Stored data entries

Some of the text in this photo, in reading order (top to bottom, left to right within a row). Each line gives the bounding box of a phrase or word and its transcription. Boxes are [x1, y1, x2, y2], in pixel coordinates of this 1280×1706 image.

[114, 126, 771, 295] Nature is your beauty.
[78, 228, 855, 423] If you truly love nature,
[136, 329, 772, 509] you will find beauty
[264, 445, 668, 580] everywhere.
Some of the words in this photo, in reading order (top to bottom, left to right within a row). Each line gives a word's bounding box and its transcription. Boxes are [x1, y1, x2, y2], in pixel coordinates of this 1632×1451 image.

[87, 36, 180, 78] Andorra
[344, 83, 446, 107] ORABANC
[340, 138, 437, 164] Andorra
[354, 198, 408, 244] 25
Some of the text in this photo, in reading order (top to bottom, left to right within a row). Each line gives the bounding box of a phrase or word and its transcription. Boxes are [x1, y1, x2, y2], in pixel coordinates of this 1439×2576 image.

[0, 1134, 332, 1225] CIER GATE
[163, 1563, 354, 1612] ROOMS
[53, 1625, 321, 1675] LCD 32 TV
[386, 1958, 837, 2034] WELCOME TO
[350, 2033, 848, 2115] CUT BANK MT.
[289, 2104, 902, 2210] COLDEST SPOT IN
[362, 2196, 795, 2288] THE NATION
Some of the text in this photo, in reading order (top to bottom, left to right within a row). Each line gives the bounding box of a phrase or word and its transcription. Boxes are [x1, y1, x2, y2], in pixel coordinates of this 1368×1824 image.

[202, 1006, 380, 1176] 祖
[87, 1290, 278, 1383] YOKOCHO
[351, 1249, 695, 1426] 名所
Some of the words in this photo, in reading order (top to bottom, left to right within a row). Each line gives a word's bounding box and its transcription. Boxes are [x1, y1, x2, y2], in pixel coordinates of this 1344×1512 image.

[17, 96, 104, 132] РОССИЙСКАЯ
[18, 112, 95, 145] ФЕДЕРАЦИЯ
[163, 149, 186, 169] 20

**Assigned task**
Return only the lines running from the line with "this 1632×1451 image." to the last line of the records, both included, exactly as written.

**Solution to this problem**
Some of the words in this photo, in reading order (top to bottom, left to right within a row). Each line gives a word's bounding box and its transcription. Boxes are [x1, y1, x2, y2], in pixel coordinates of this 1632×1451 image.

[87, 36, 180, 78] Andorra
[344, 83, 446, 107] ORABANC
[340, 138, 437, 164] Andorra
[354, 198, 408, 244] 25
Some of the text in this photo, in reading order (top to bottom, left to right within a row). Each line gives the bounding box of a phrase or word and its transcription. Boxes are [x1, y1, x2, y2], in pixel coordinates of this 1439×2576 image.

[0, 1134, 332, 1225] CIER GATE
[163, 1563, 354, 1612] ROOMS
[53, 1625, 321, 1675] LCD 32 TV
[386, 1958, 837, 2034] WELCOME TO
[350, 2033, 848, 2115] CUT BANK MT.
[289, 2104, 902, 2210] COLDEST SPOT IN
[362, 2196, 795, 2288] THE NATION
Some of the text in this photo, in reading order (top to bottom, left to right within a row). Each line gives the bounding box of a phrase or word and its transcription. Boxes are [x1, y1, x2, y2], in pixel coordinates of this 1368×1824 image.

[202, 1006, 380, 1176] 祖
[87, 1290, 278, 1383] YOKOCHO
[351, 1249, 695, 1426] 名所
Some of the words in this photo, in reading order (top to bottom, left to right within a row). Each line gives a word's bounding box and its transcription. Boxes are [x1, y1, x2, y2], in pixel coordinates of this 1344×1512 image.

[17, 96, 104, 132] РОССИЙСКАЯ
[18, 112, 95, 145] ФЕДЕРАЦИЯ
[163, 149, 186, 169] 20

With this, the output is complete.